“Tap a button, get a ride.” That almost comically simple idea would lead to the origin of Uber in 2008.
Hundreds of startups globally have tried to surf in its wake by positioning themselves as ‘Ubers’.’ Uber for parking’. ‘Uber for dog walkers’. ‘Uber for lawyers’. ‘Uber for ice-cream’. ‘Uber for laundry’. ‘Uber for groceries’.
So much so that ‘Uber for X’ was one of the most dominant startup investment themes for a good many years.
But someone forgot to tell one of those startups—Bengaluru-based Dunzo—that ‘X’ was meant to be a stand-in for something specific. Like you know, coffee. Documents. Meals. Repairs. Medicines. Alcohol.
End of the Dunzo
So Dunzo ended up becoming an ‘Uber for X’. As in, precisely ‘X’!
Look at the following transactions that took place roughly over a month, with just one customer – Rohin Dharmakumar.
16 Nov: A cocoa cappuccino from Starbucks.
15 Nov: Documents dropped off to our accountant’s office.
13 Nov: A can of distilled water, to top up a car’s coolant tank.
6 Nov: An official Macbook repaired.
31 Oct: Downright scary Halloween masks for an eager 7-yo.
19 Oct: Gift bags to distribute Diwali goodies.
13 Oct: Frame a bunch of handpainted tiles from Goa.
Do you see why it’s really the ‘Uber of X’?
With a fanatical fan following and off-the-charts repeat usage, Dunzo is Bengaluru’s best-kept secret. An app-based service that lets you create almost any “task”, then send real people to complete them on your behalf. For a fee, of course.
“If you can press a button and get a cab, then you should be able to press a button and get anything,” says Kabeer Biswas, co-founder of Dunzo. With his own fleet of riders, Biswas wants to be the service that will do anything anyone needs to be done, so long as it’s not illegal.
Having raised only a modest amount of venture funding to date, $2.5 million from Blume Ventures and Aspada Investments, Dunzo is now poised at a growth fork. It wants to expand into more cities, add more tasks to its repertoire and build deeper technical prowess to sustain a perpetual swarm of delivery partners, each one moving seamlessly from one task to another through the day.

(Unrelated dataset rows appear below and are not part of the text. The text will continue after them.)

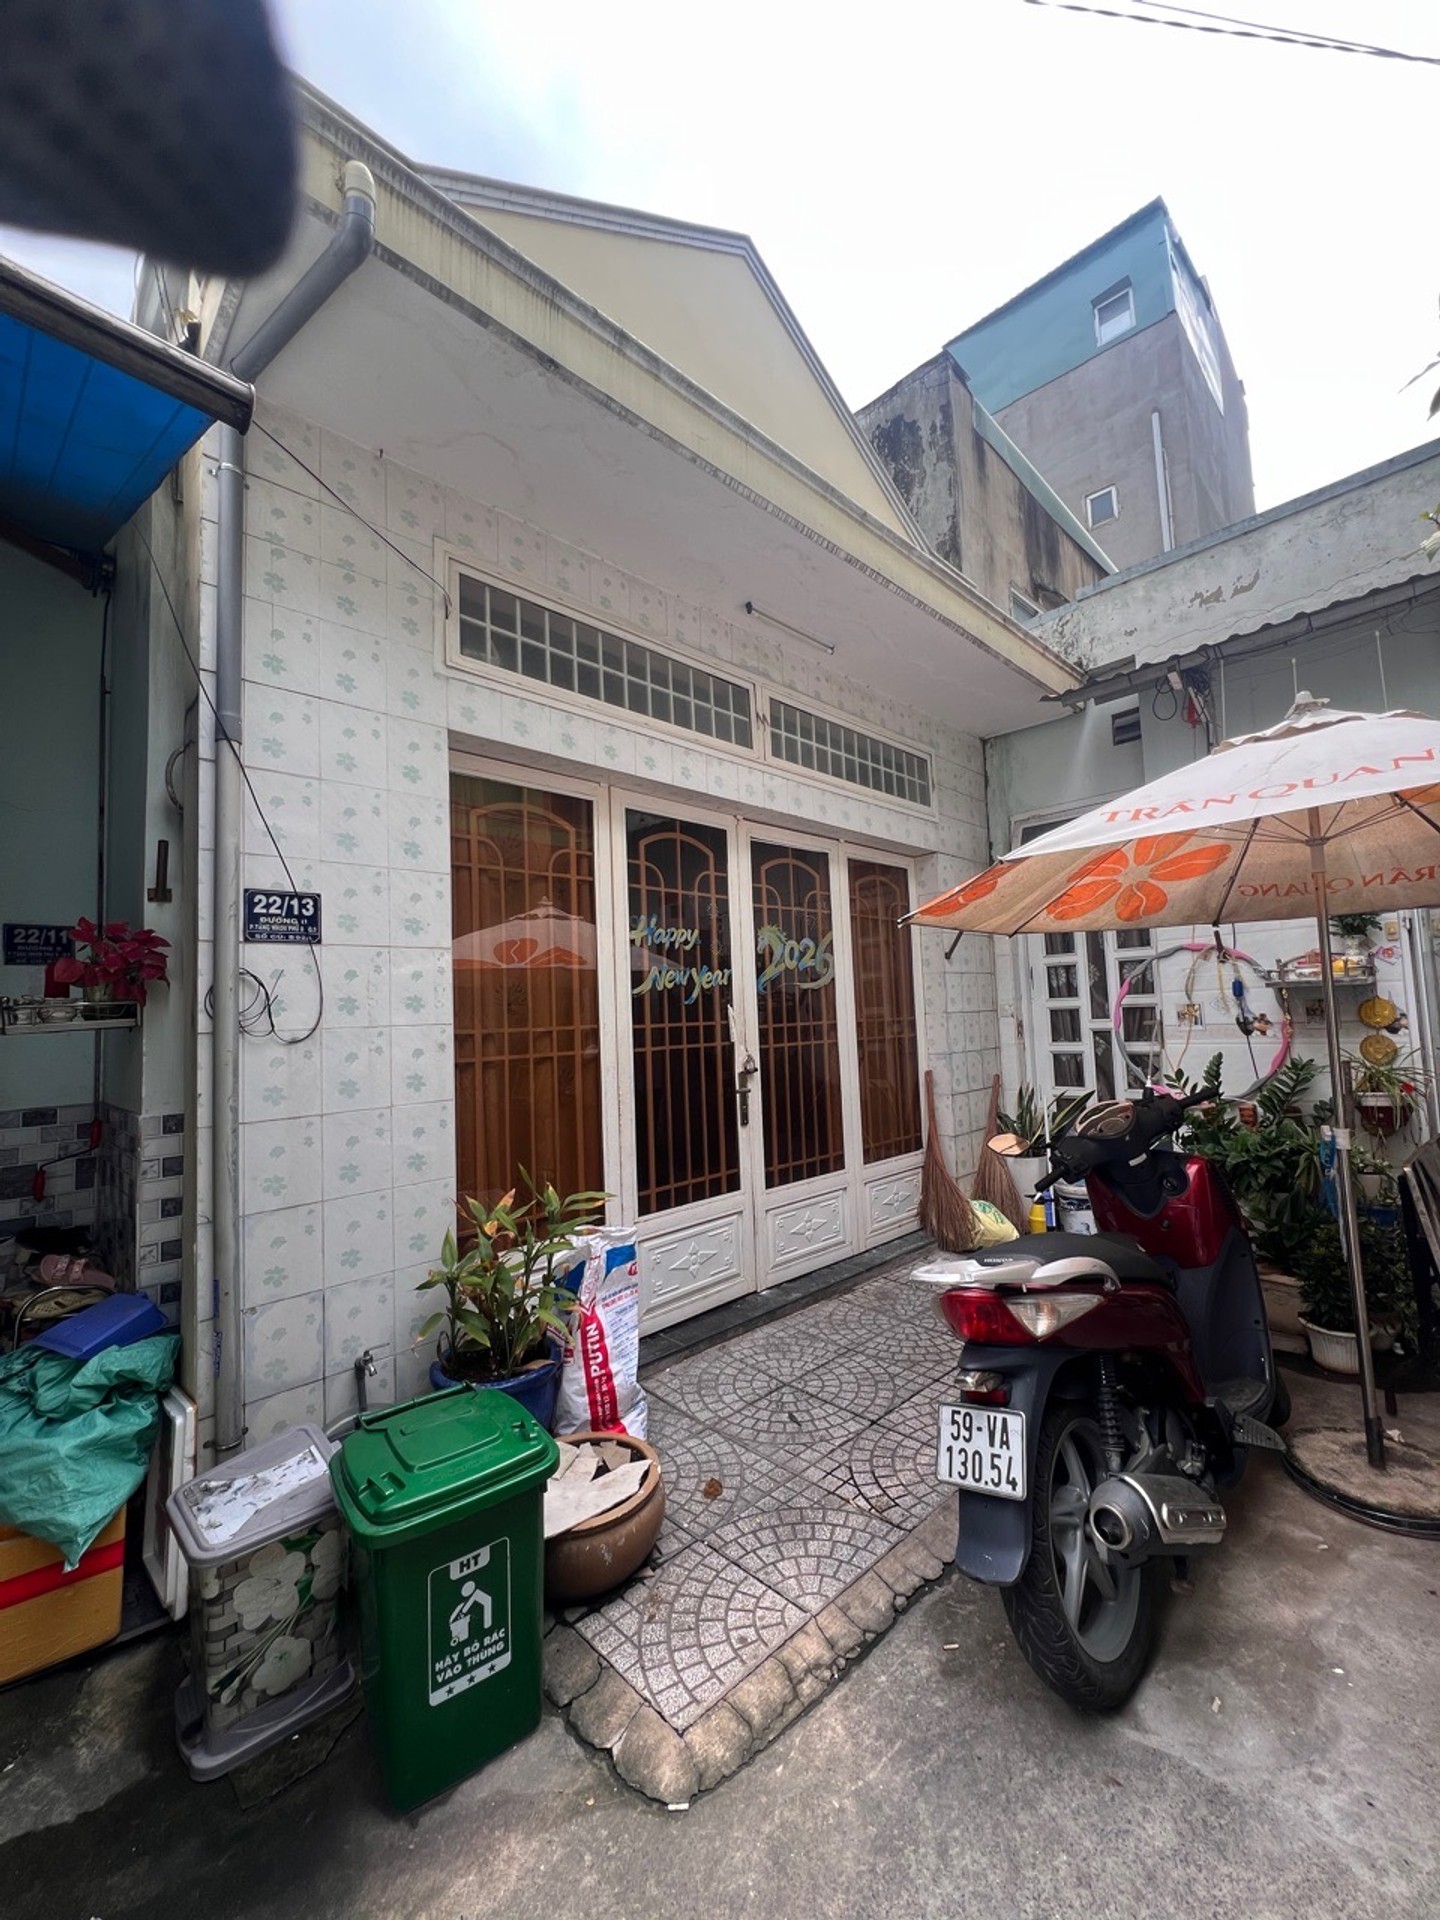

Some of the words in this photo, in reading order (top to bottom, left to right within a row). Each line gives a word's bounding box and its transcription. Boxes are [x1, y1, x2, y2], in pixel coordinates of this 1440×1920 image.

[1248, 748, 1438, 799] QUAN
[253, 894, 315, 917] 22/13
[13, 928, 68, 945] 22/11
[629, 913, 701, 951] Happy
[632, 964, 690, 995] New
[684, 964, 732, 1005] Year
[950, 1409, 1010, 1451] 59-VA
[946, 1445, 1018, 1492] 130.54
[458, 1553, 482, 1575] HT
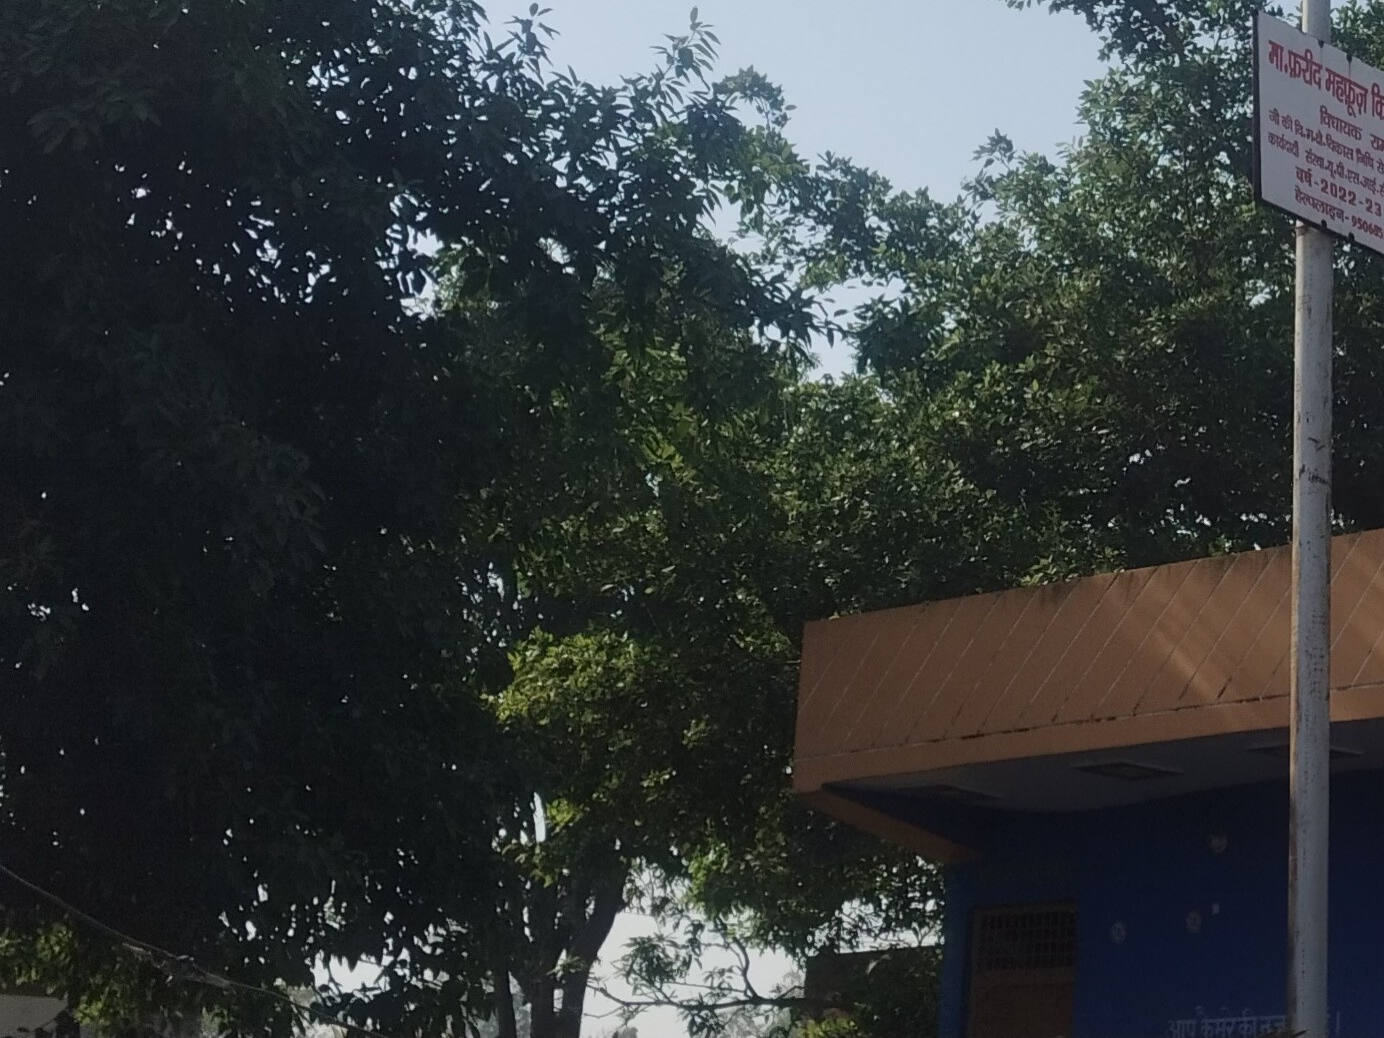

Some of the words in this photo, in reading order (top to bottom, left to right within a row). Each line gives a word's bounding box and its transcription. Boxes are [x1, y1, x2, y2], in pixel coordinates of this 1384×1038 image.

[1281, 114, 1293, 133] की
[1355, 148, 1375, 170] निधि
[1376, 157, 1384, 175] से
[1319, 105, 1363, 141] विधायक
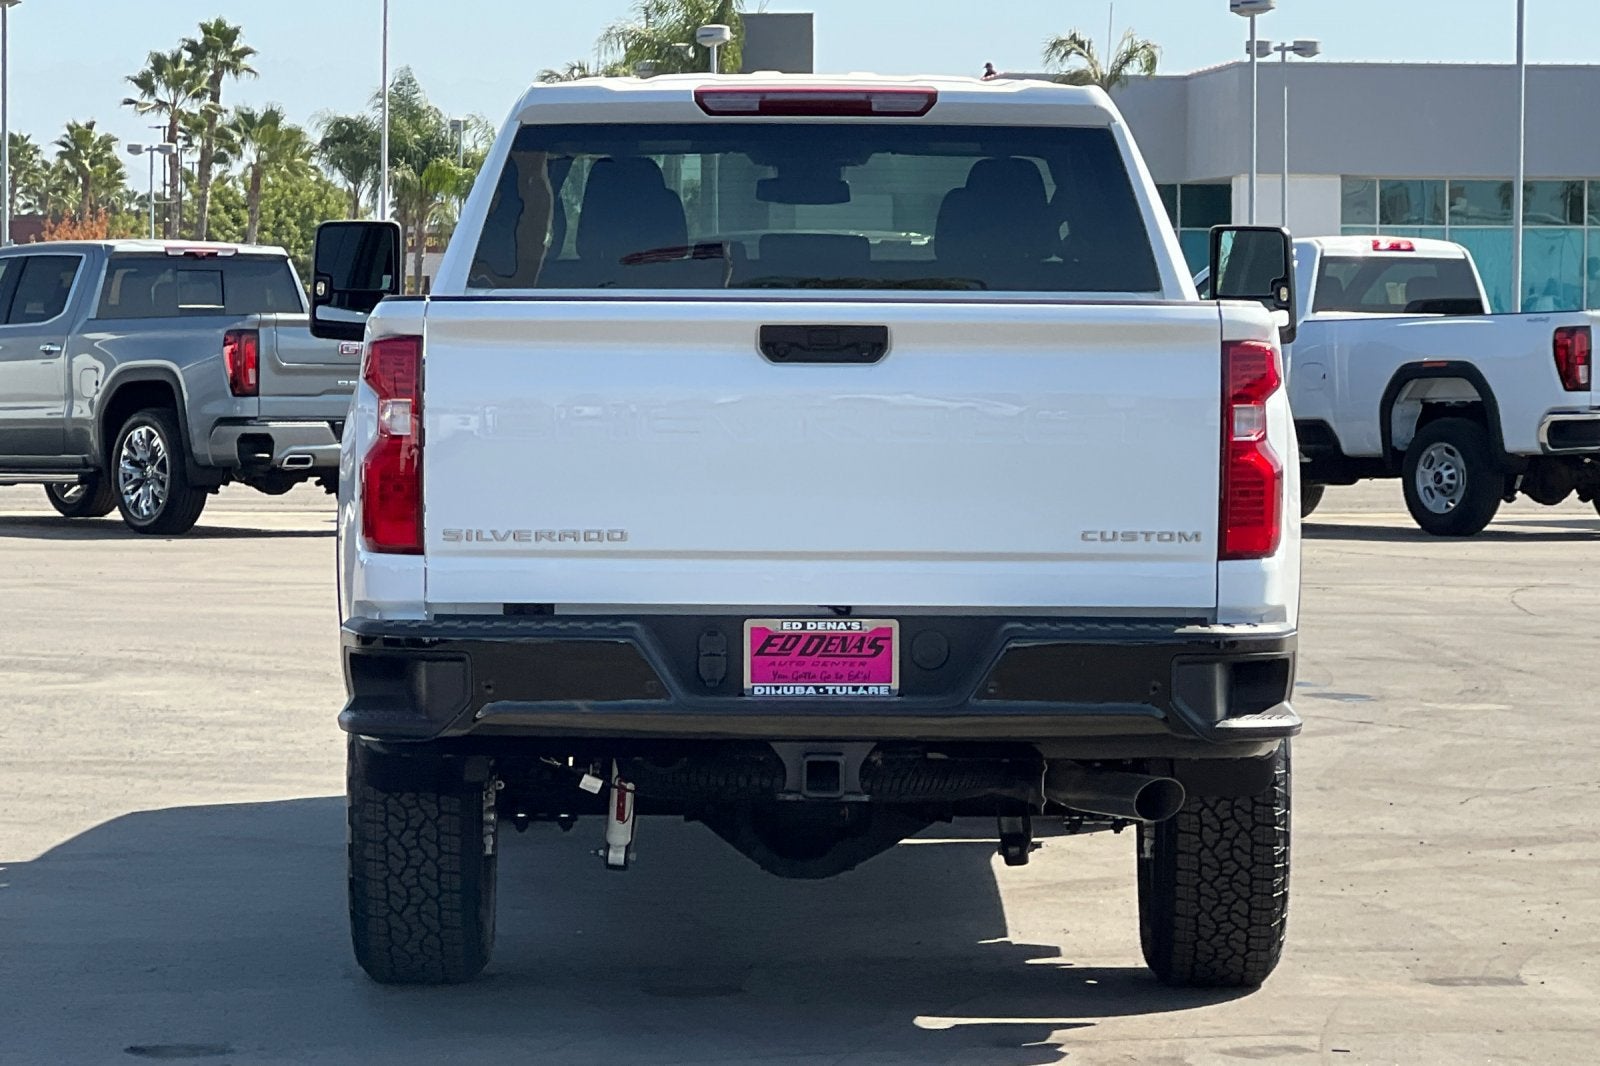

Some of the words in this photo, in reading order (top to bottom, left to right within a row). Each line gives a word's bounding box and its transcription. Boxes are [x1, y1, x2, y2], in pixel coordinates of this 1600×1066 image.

[442, 528, 628, 543] SILVERADO
[1081, 530, 1202, 542] CUSTOM
[782, 621, 802, 630] ED
[806, 621, 861, 630] DENA'S
[753, 634, 802, 656] ED
[798, 634, 891, 658] DENA'S
[772, 671, 788, 681] You
[819, 671, 832, 681] Go
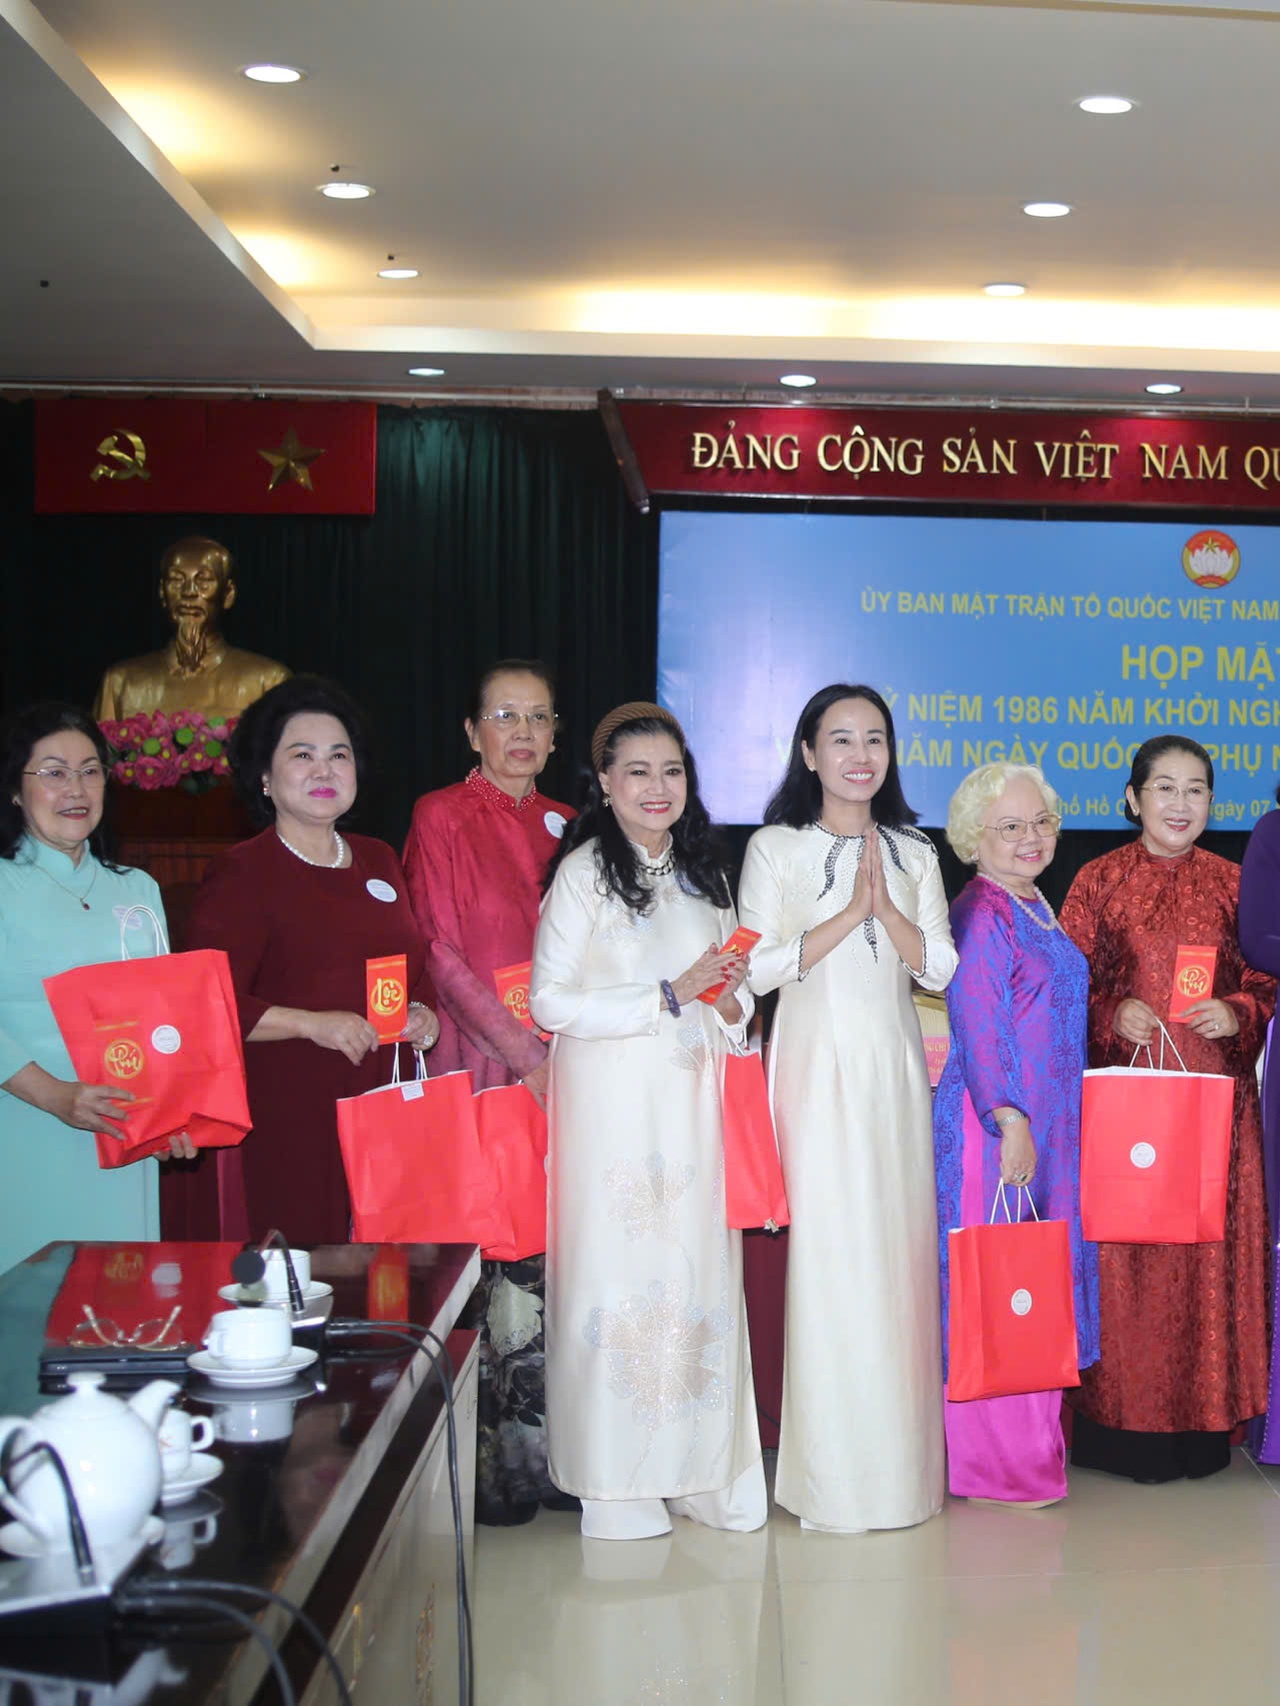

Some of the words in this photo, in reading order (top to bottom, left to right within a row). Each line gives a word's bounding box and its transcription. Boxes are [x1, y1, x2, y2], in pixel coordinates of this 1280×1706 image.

[691, 420, 802, 471] ĐẢNG
[817, 424, 925, 479] CỘNG
[942, 427, 1017, 475] SẢN
[1034, 429, 1120, 481] VIỆT
[1140, 442, 1228, 480] NAM
[861, 586, 891, 613] ỦY
[897, 591, 944, 614] BAN
[1005, 592, 1065, 621] TRẬN
[1071, 592, 1102, 618] TỔ
[1107, 592, 1172, 620] QUỐC
[1178, 595, 1225, 624] VIỆT
[1231, 599, 1279, 622] NAM
[1121, 643, 1206, 690] HỌP
[908, 690, 983, 728] NIỆM
[993, 695, 1058, 724] 1986
[1068, 691, 1135, 724] NĂM
[1144, 692, 1219, 726] KHỞI
[962, 733, 1048, 768] NGÀY
[1058, 793, 1081, 817] hố

But to do that, it needs $40 to $50 million* in funding as a business and up to $10 million for the next round. Serious money, but chump change when considering the folks it is up against—Swiggy, Amazon, Uber, BigBasket; all indirectly its competition.
To-Do – Don’t Forget The Milk
Dunzo takes a short break between 4:30 am and 6:30 am every morning, but it’s in the remaining 22 hours it hums into action. Biswas claims that roughly 100,000 registered users use it for completing about 100,000 tasks a month.
“When the iPhone 7 launched, I think we shipped more orders in the first six hours than Amazon and Flipkart combined as they were shipping it only by the end of the day,” he claims. He means people were asking Dunzo to simply go buy the iPhones from the nearest Apple stores and deliver them to their respective homes.
When Dunzo launched, it set out to do anything a user needed doing. From identifying and sending carpenters and plumbers for repairs to running government-related tasks like passport renewal to applying for pan card. “90% of tasks were of the pick-up and drop variety and only 5% of tasks were government-related transactions. But we were spending too much time on that 5%.”
So, Biswas and his other co-founders are Ankur Aggarwal, Dalvir Suri, and Mukund Jha let the government transactions go. And it made all the difference to the business. “The minute we did that, it changed the way the availability of the partners looked,” says Biswas.
Dunzo’s 1,000 riders today cover nearly 80% of the city now. And it has also been working to cut down the time taken for tasks. From taking 78 minutes to complete a task early this year, it is now down to 45 minutes. This has earned it some very loyal customers as nearly 40-45% of the new users it acquires, stick to it. Some of its power users use it almost eight times a day, while on an average, people use it about three times a month.